(Beginning of INFORMATION GIVEN)
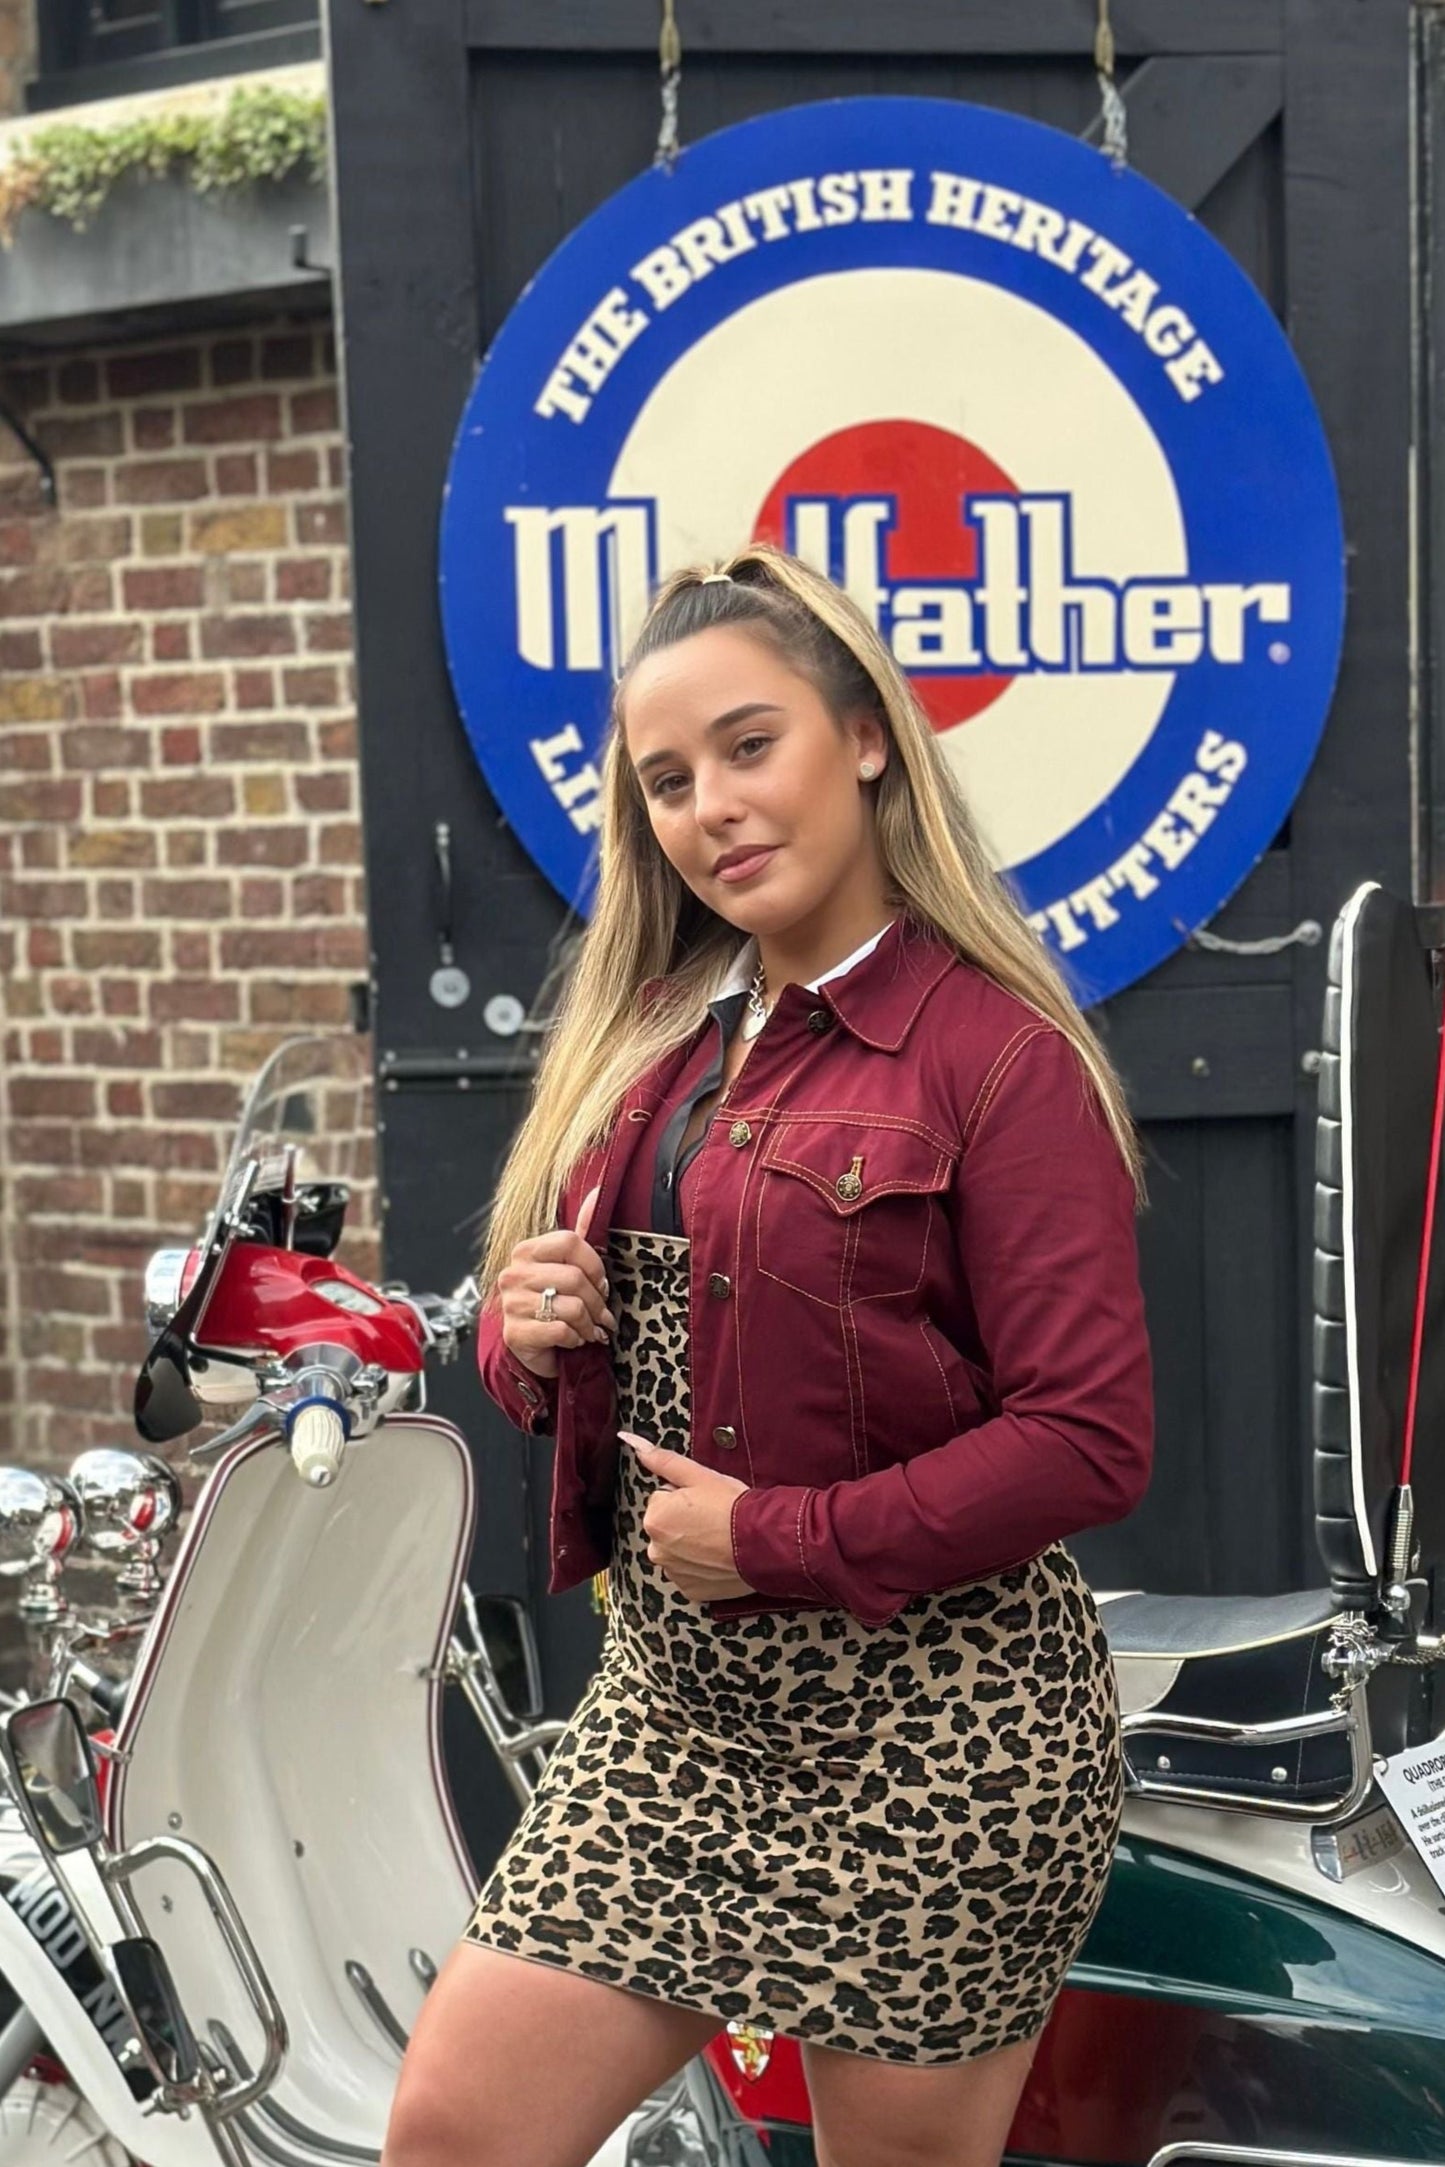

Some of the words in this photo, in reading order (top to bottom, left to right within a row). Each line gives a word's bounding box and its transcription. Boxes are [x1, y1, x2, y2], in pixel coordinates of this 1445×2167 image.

[534, 286, 650, 425] THE
[629, 169, 914, 312] BRITISH
[926, 171, 1225, 402] HERITAGE
[503, 499, 1290, 671] Mfather
[6, 1866, 88, 1969] MOD
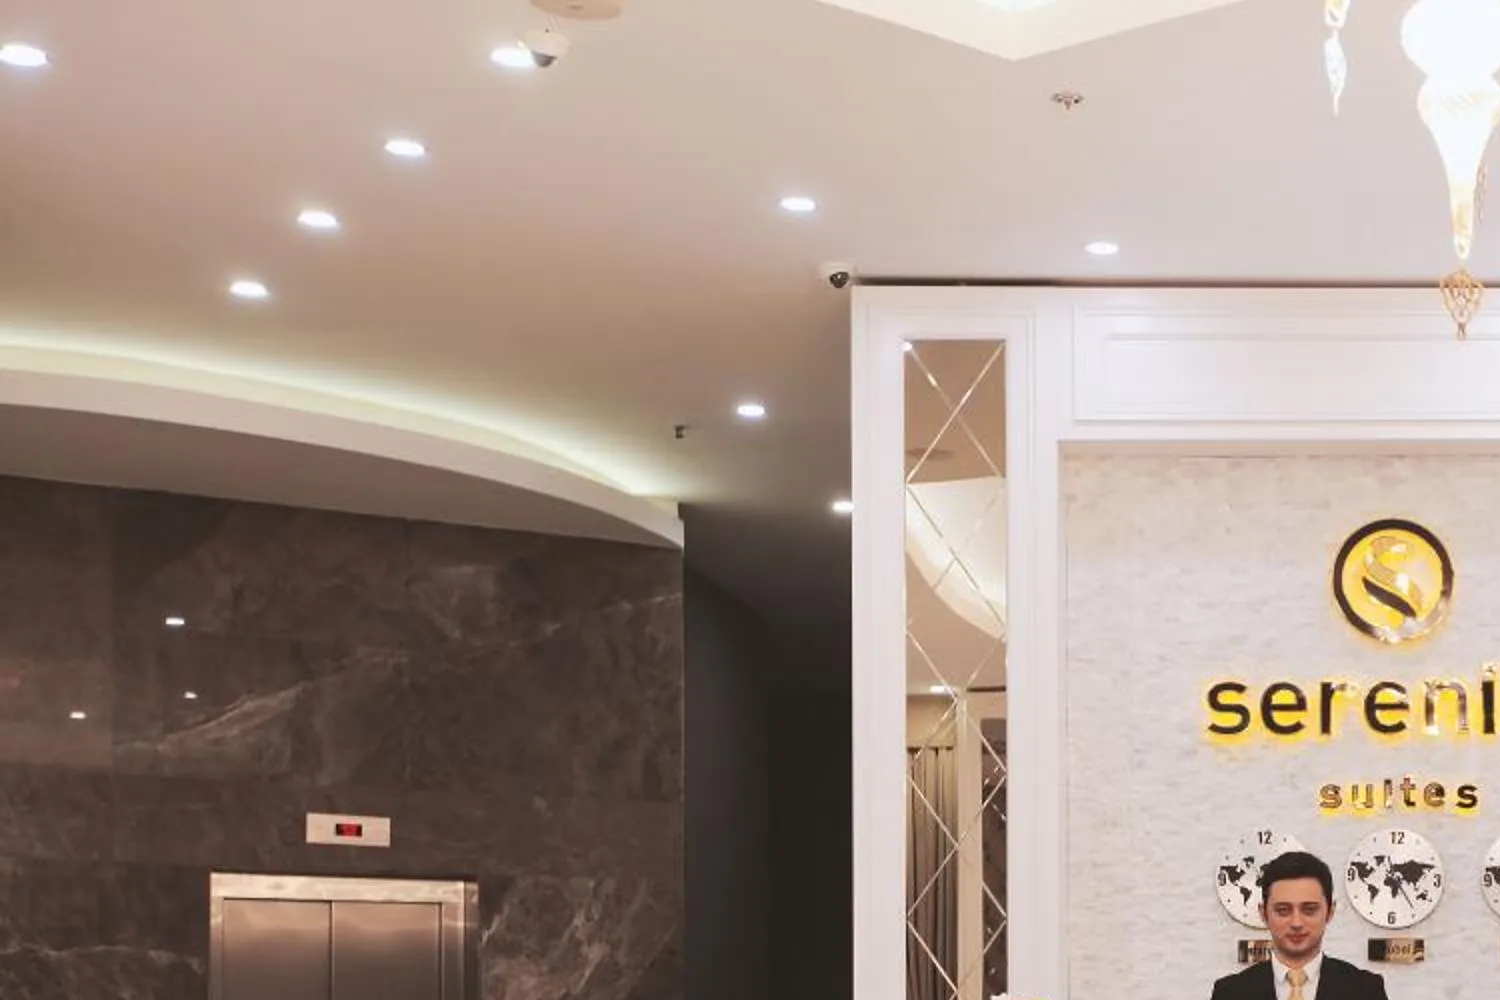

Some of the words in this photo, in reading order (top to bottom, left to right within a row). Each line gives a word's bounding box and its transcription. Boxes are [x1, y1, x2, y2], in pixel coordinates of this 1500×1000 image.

[1319, 777, 1478, 809] suites
[1257, 831, 1273, 845] 12
[1390, 831, 1405, 845] 12
[1217, 872, 1227, 886] 9
[1347, 867, 1355, 882] 9
[1433, 873, 1441, 888] 3
[1483, 873, 1493, 887] 9
[1387, 911, 1396, 925] 6
(End of INFORMATION GIVEN)
> TASK TO CARRY OUT
Restate the entire listing word for word, excluding pictures.

> ANSWER SECTION
Some of the words in this photo, in reading order (top to bottom, left to right within a row). Each line gives a word's bounding box and its transcription. Boxes are [x1, y1, x2, y2], in pixel coordinates of this 1445×2167 image.

[534, 286, 650, 425] THE
[629, 169, 914, 312] BRITISH
[926, 171, 1225, 402] HERITAGE
[503, 499, 1290, 671] Mfather
[6, 1866, 88, 1969] MOD

Some of the words in this photo, in reading order (top to bottom, left to right within a row). Each line gives a word's bounding box and its transcription. Boxes are [x1, y1, x2, y2], in pixel coordinates of this 1500×1000 image.

[1319, 777, 1478, 809] suites
[1257, 831, 1273, 845] 12
[1390, 831, 1405, 845] 12
[1217, 872, 1227, 886] 9
[1347, 867, 1355, 882] 9
[1433, 873, 1441, 888] 3
[1483, 873, 1493, 887] 9
[1387, 911, 1396, 925] 6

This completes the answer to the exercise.